[Records from a data collection]
.....
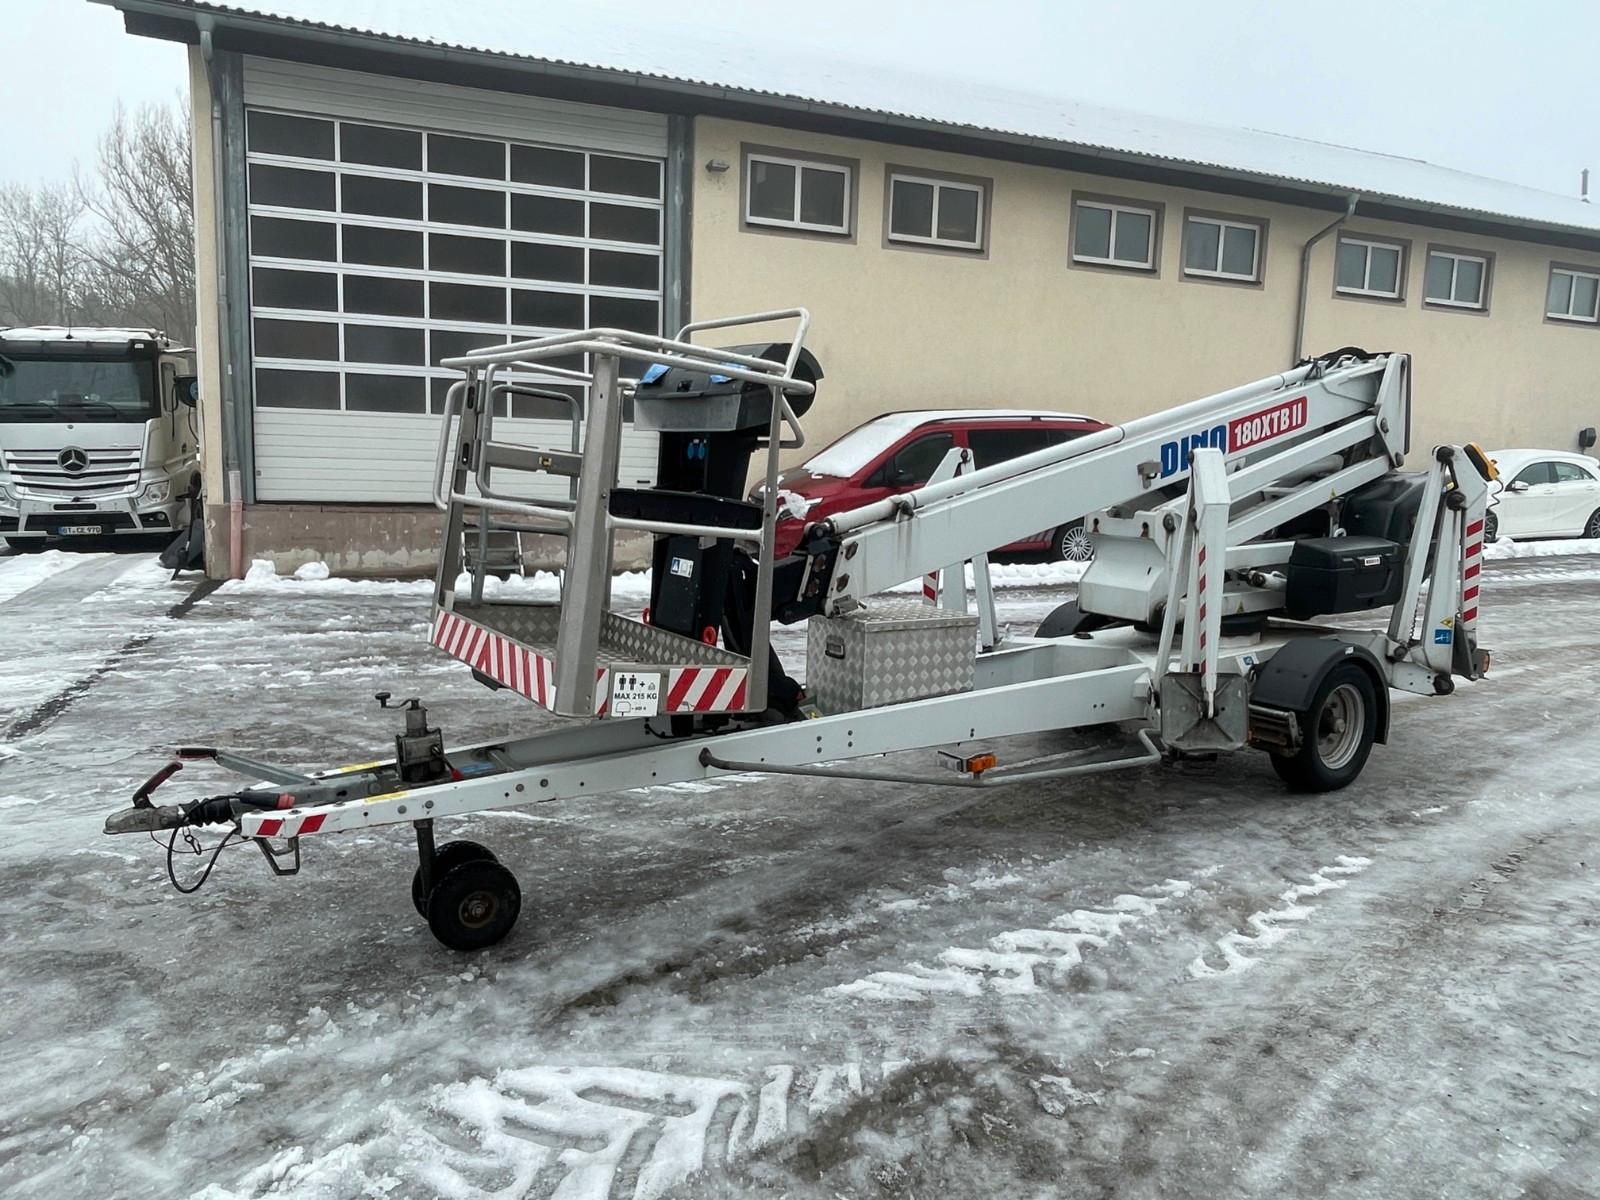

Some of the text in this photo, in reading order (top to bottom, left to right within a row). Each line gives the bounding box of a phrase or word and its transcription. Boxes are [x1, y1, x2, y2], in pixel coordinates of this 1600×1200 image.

[1234, 407, 1290, 448] 180XTB
[614, 692, 657, 700] MAX 215 KG
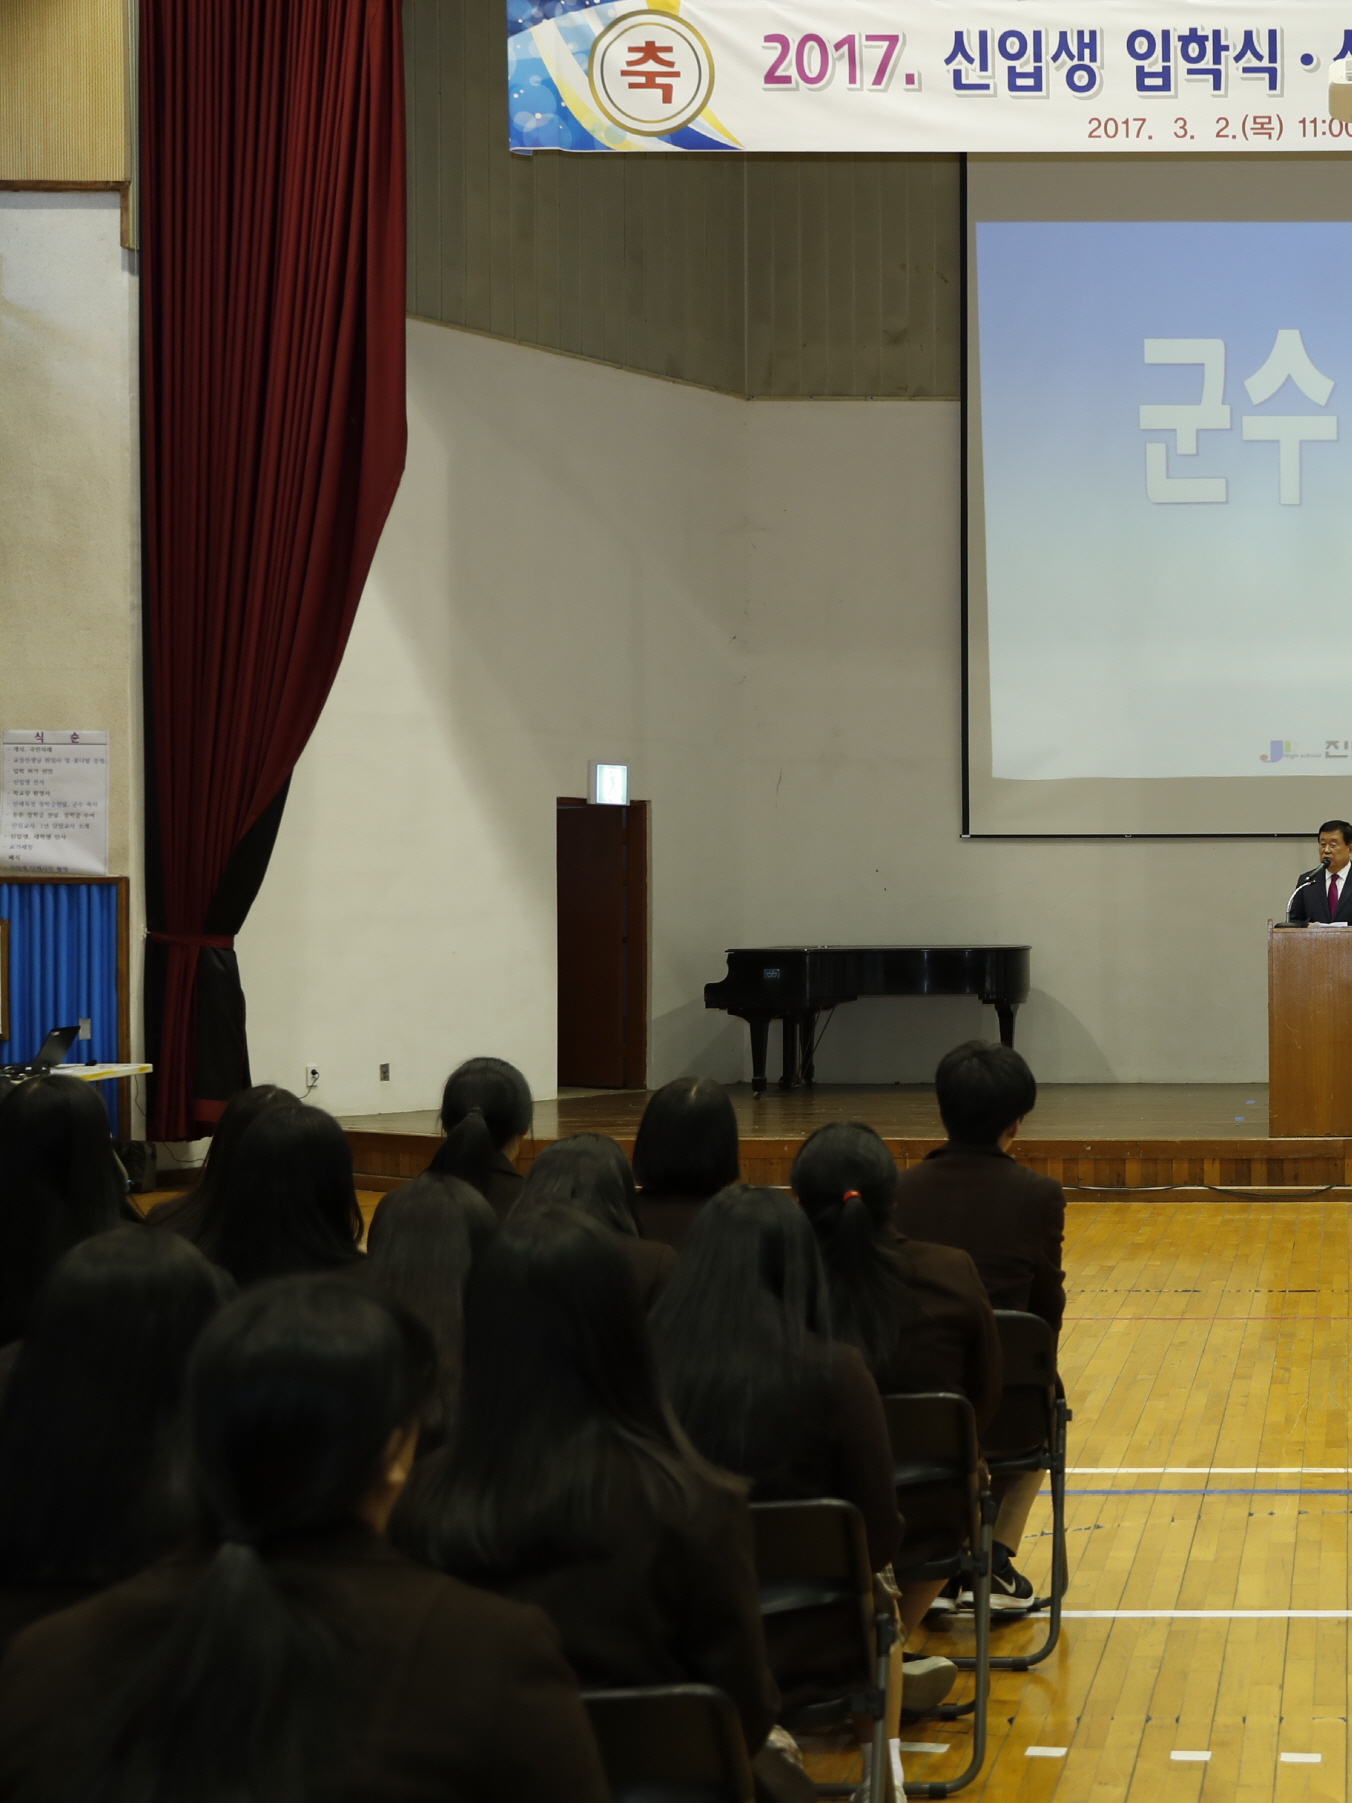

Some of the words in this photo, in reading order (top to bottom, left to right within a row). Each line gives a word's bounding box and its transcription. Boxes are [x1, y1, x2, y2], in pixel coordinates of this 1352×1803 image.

[620, 40, 681, 104] 축
[764, 33, 914, 85] 2017.
[945, 30, 1097, 93] 신입생
[1127, 28, 1277, 92] 입학식
[1088, 117, 1153, 140] 2017.
[1174, 117, 1195, 139] 3.
[1138, 328, 1340, 506] 군수
[34, 731, 44, 744] 식
[70, 731, 80, 744] 순
.....
Work required
Please copy exactly, and only, the lines from the line containing "Some of the words" through the last line of the records, with both ends included.

Solution to the exercise
Some of the words in this photo, in reading order (top to bottom, left to right within a row). Each line gives a word's bounding box and its transcription. Boxes are [x1, y1, x2, y2], in pixel coordinates of this 1352×1803 image.

[620, 40, 681, 104] 축
[764, 33, 914, 85] 2017.
[945, 30, 1097, 93] 신입생
[1127, 28, 1277, 92] 입학식
[1088, 117, 1153, 140] 2017.
[1174, 117, 1195, 139] 3.
[1138, 328, 1340, 506] 군수
[34, 731, 44, 744] 식
[70, 731, 80, 744] 순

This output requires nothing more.